Slow Food recognizes that local ecological knowledge allows farmers and food processors to be “guardians” of plant varieties and animal breeds. Unlike seed banks or traditional knowledge museums, Slow Food calls on producers to actively engage with consumers in the battle to save CB because “[e]very one of us can do something, in our local area, every day. We must not dwell on what we have lost, but focus on what we can still save” (SFFB 2018).

However, the GIs and Presidia’s discourse on CB mobilize scientific knowledge. GI communication materials are grounded in scientific evidence, e.g. studies proving the health benefit of cheese flora or the beneficial role of wooden cheesemaking tools in preserving the biofilm.Footnote 9 For its part, Slow Food legitimizes local knowledge in the public arena, often in contrast with scientific knowledge. In other circumstances, Slow Food instead mobilizes scientific knowledge to warn about a quantifiable loss, e.g. data from the 2011 EC Biodiversity Strategy (Slow Food 2015) and, as the case of microbiodiversity best demonstrates, acts as the authority defining which (good) CB must be pursued and protected.

Value and Outputs

Both studied OFS recognize the socio-economic value of CB and design a qualification process of non-market specific and common resources and attributes.

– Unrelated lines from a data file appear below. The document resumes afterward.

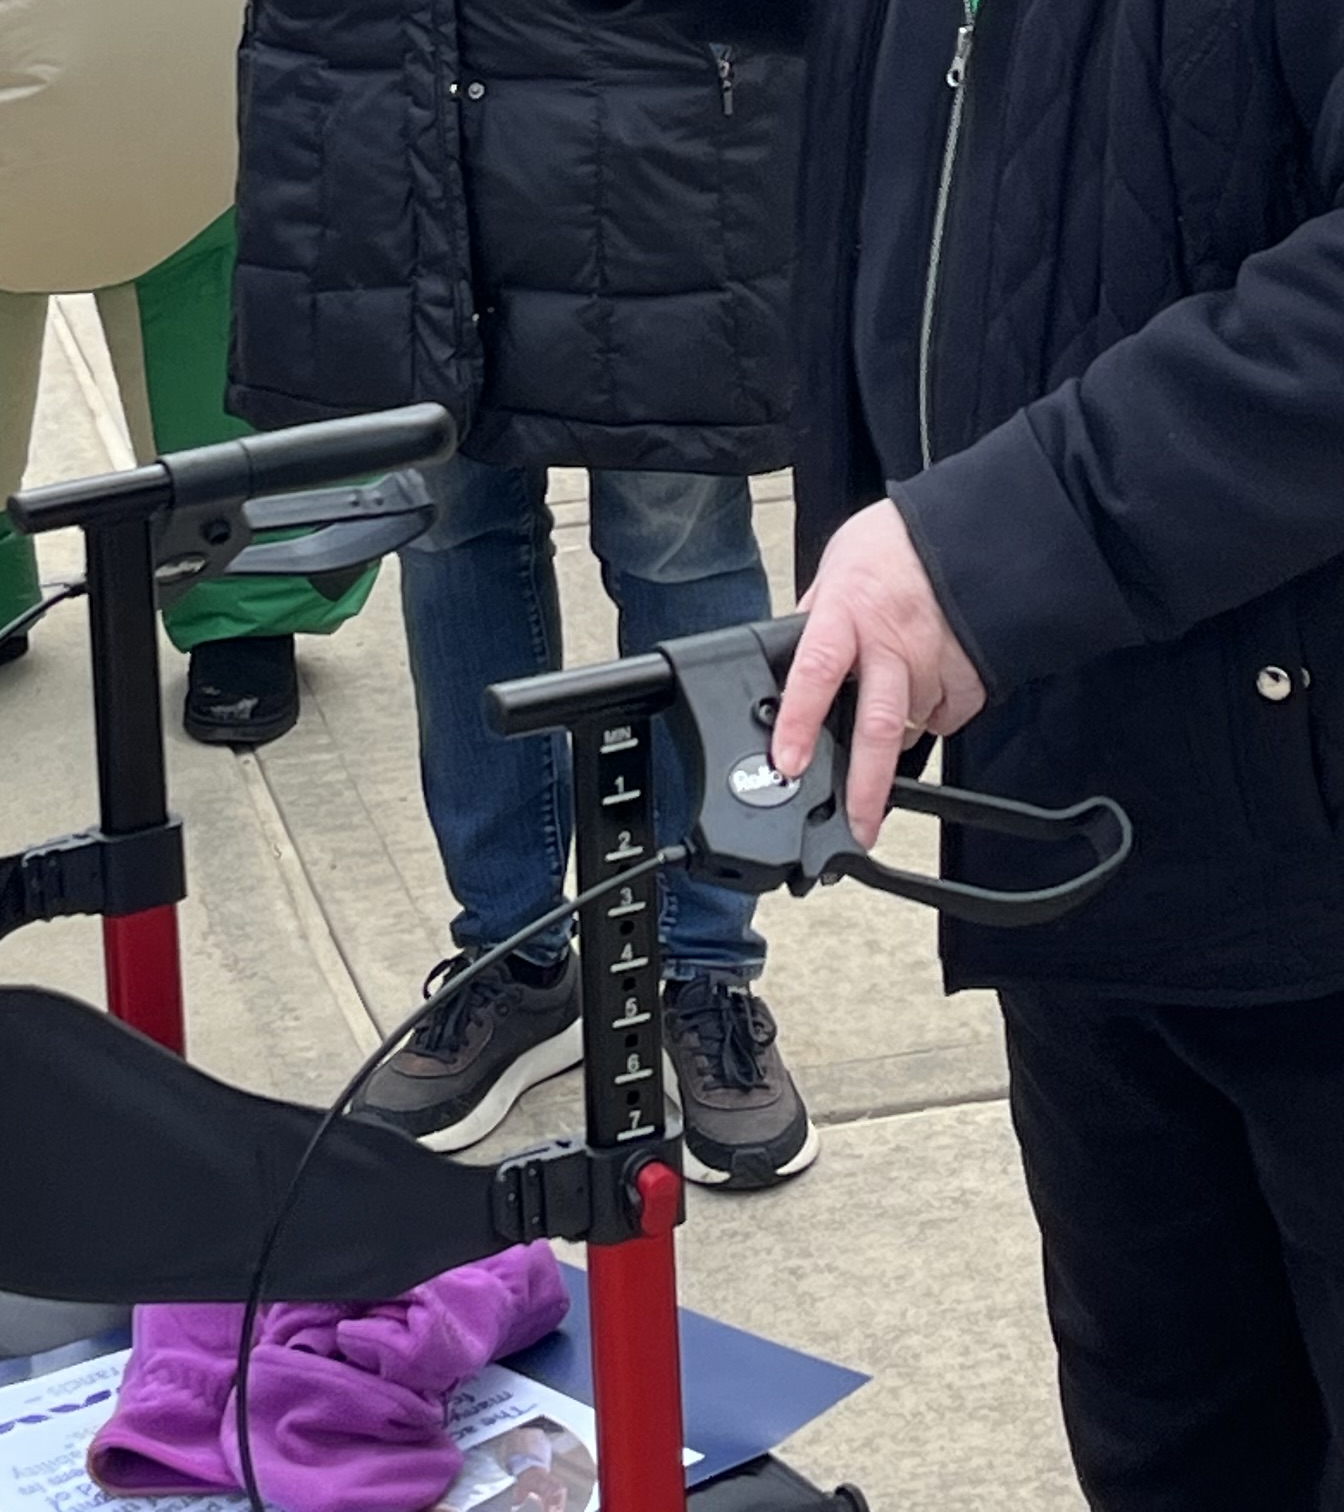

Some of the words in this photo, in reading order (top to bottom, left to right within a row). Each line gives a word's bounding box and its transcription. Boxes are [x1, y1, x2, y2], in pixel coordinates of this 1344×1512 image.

[604, 725, 633, 742] MIN
[614, 776, 625, 794] 1
[617, 831, 632, 851] 2
[620, 887, 633, 905] 3
[620, 943, 633, 960] 4
[625, 998, 638, 1018] 5
[627, 1053, 640, 1073] 6
[628, 1109, 642, 1129] 7
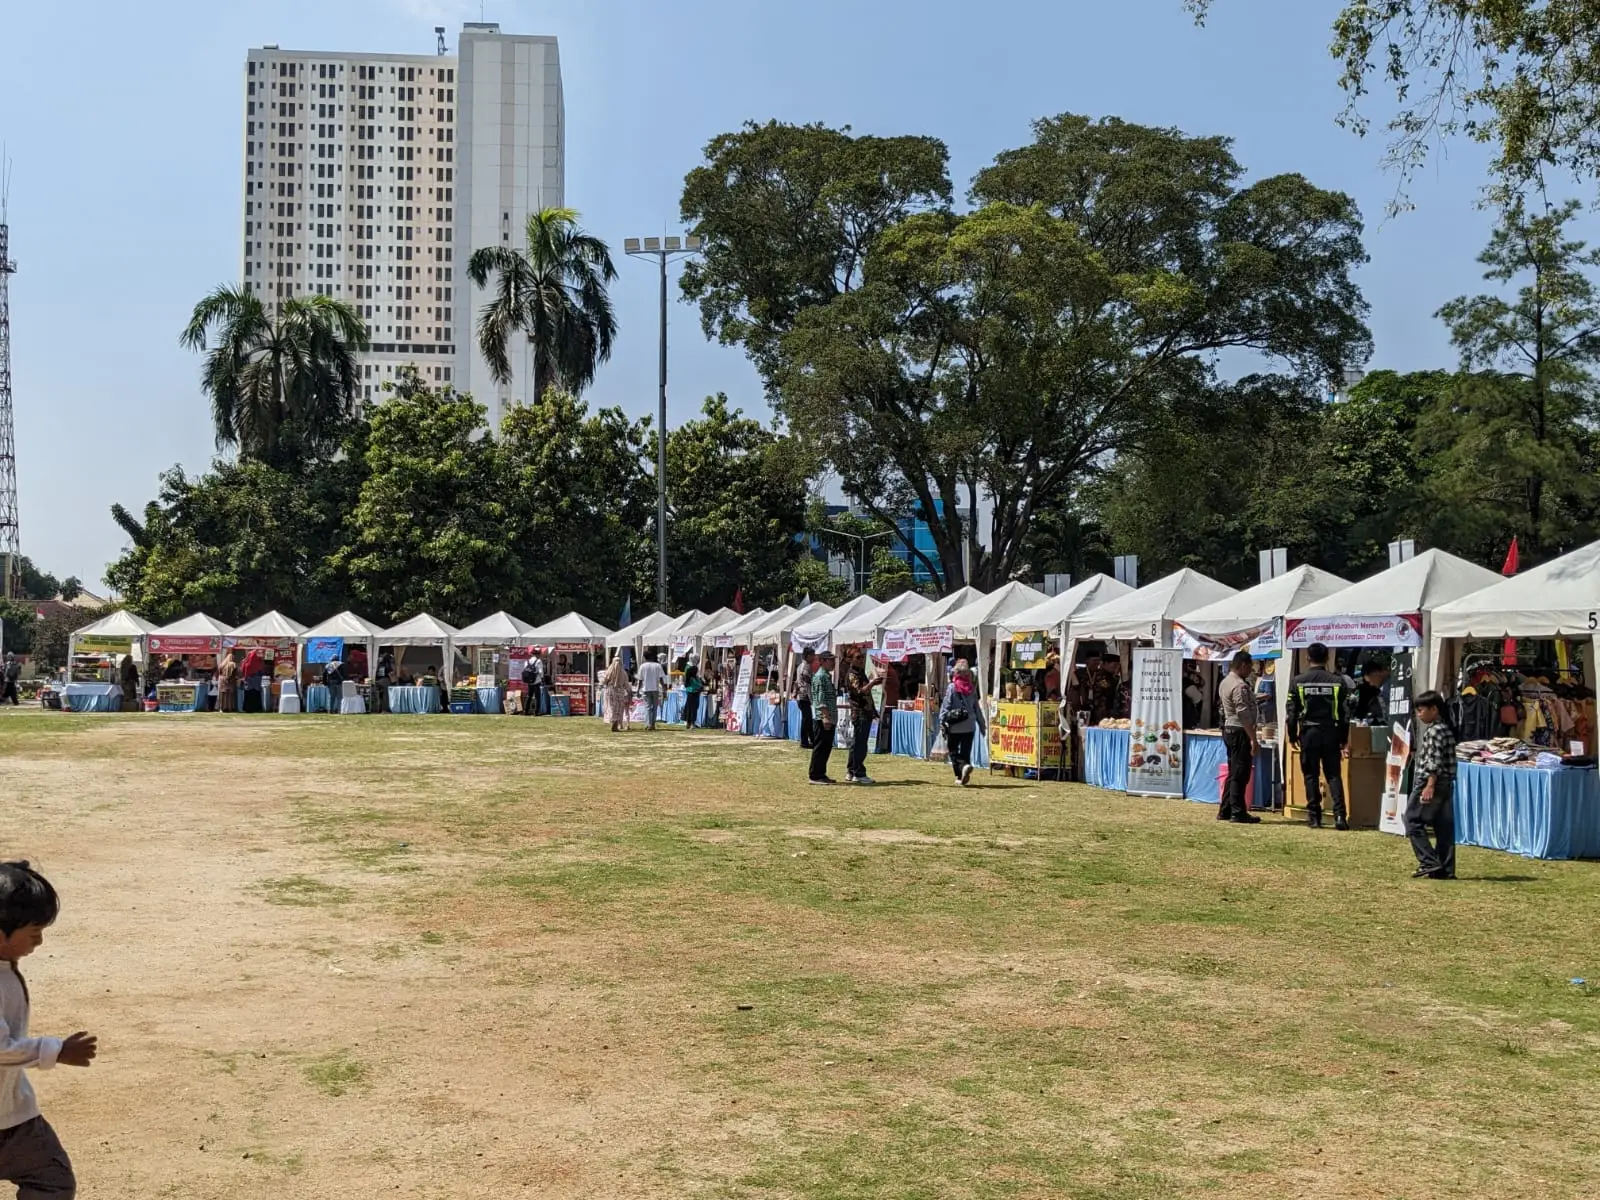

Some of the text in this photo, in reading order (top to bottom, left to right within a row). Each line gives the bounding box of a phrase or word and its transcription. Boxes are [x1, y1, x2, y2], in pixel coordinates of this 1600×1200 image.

CB has been introduced into the GI qualification process, albeit marginally, by means of the concept of heritage, i.e. recognizing CB as a common good to be valued and preserved by producers’ collective bodies (Bérard et al. 2005). In particular, the discourse on microbiodiversity tends to transform the unique microbiological characteristics of a cheese and the related production practices into heritage, since over 300 bacteria strains and 70 species of yeasts are responsible for unique taste and flavors. Moreover, microbiological richness is linked to health, based on its immunological power, because it protects cheese from pathogens, positively interacts with the gut microbiota, and reduces atopic allergies and asthma (CNAOL 2018). Microbiodiversity is responsible for taste, quality, and added value just like the more visible forms of biodiversity.

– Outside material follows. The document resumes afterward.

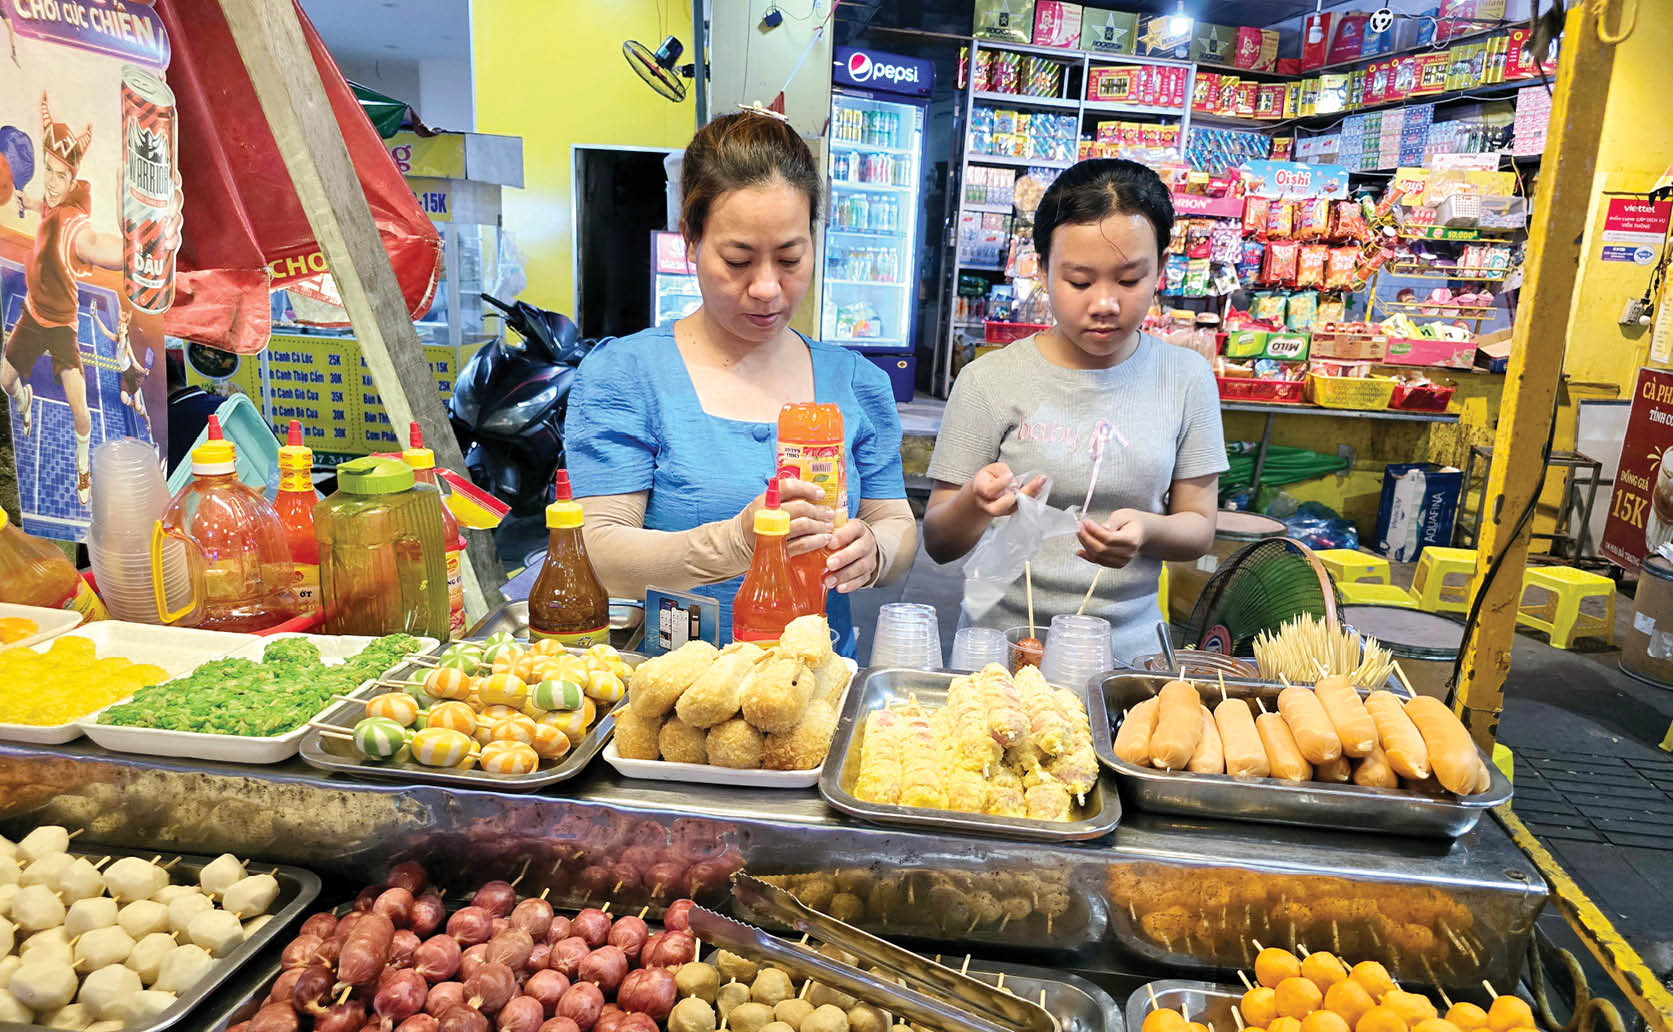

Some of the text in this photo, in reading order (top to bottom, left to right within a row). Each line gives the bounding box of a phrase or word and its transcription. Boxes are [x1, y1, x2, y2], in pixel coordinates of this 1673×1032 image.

Conversely, the qualification process designed by Slow Food is loaded with moral language and CB has become a fundamental moral attribute, together with ecological (Siniscalchi 2013) or aesthetic attributes (Miele and Murdoch 2002). Thus, CB is a crucial condition for belonging to the movement and thus for taking advantage of its distinctiveness. We find that the Slow Food discourse on CB tends to transform food into a moral good, based on a supposed risk of extinction, by simultaneously mobilizing politically subversive language and a moral discourse aimed at salvation. As MacDonald (2013, p. 98) puts it,

“Slow Food promoters have effectively adopted the vernacular of biodiversity conservation and play on the constructed value of diversity (biological and cultural), and a consequent fear of extinction, as a rhetorical strategy for justifying the protection of production practices and the lifestyles that underpin them”.

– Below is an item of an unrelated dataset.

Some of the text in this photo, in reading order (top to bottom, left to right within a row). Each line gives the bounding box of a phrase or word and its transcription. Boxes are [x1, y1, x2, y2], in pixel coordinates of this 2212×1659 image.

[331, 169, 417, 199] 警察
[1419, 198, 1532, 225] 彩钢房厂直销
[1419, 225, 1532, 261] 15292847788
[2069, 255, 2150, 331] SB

In this respect, the recent attention to cheese microbiodiversity strengthens the designation of cheese as a moral good qualified as under threat. Farmers using selected cultures are accused of not being good, or not good enough for Slow Food. Conversely, the use of starters would jeopardize and threaten the Slow Food qualification strategy designing Presidia as “singular”, “unique”, “rare” products that cannot be substituted (Siniscalchi 2013).

Governance

Similarly, both OFS are based on the direct intervention of public institutions in the field of CB. The GI system is based on the legal protection of states, whereas Slow Food is a consumer-driven movement highly supported by European, national, and regional policies. Next, both OFS are increasingly used to govern environmental issues through a local negotiation process, e.g. the producers’ definition of specifications.

In contrast to GIs, Slow Food promotes networks of farmers and consumers provided with new—although limited—agency. Slow Food emphasizes the role of small-scale producers, the ‘Earth's last custodians,’ in safeguarding CB more than other movements do. For instance, producers who reject the political dependence on the companies that produce starters are glorified. Moreover, Slow Food calls on consumers to engage locally and considers that the defense of CB implies a daily ethical behavior that should become viral and strengthen an alternative food community. Regarding microbiodiversity, Slow Food denounces starter as invisible to consumers because they are not listed on ingredient labels—this misleading behavior can be fixed through an awareness campaign.

In summary, GIs discourse insists on the healthiness and cultural value of cheese microbiodiversity, in particular raw milk cheese, as a way to develop an institutional and inclusive strategy of qualification based on common biological and cultural resources understood as heritage. Conversely, cheese microbiodiversity allows Slow Food to go a step further in its discourse on CB, shifting from the defense of “traditional” and “endangered” food to “naturalness” as an exclusive moral value attached to food. What Slow Food alternatively omits is the constant technical management of microbiology in all the production steps—far from the claimed primary role of nature in cheesemaking—, and the reference to health is almost absent, both in terms of benefits and risks.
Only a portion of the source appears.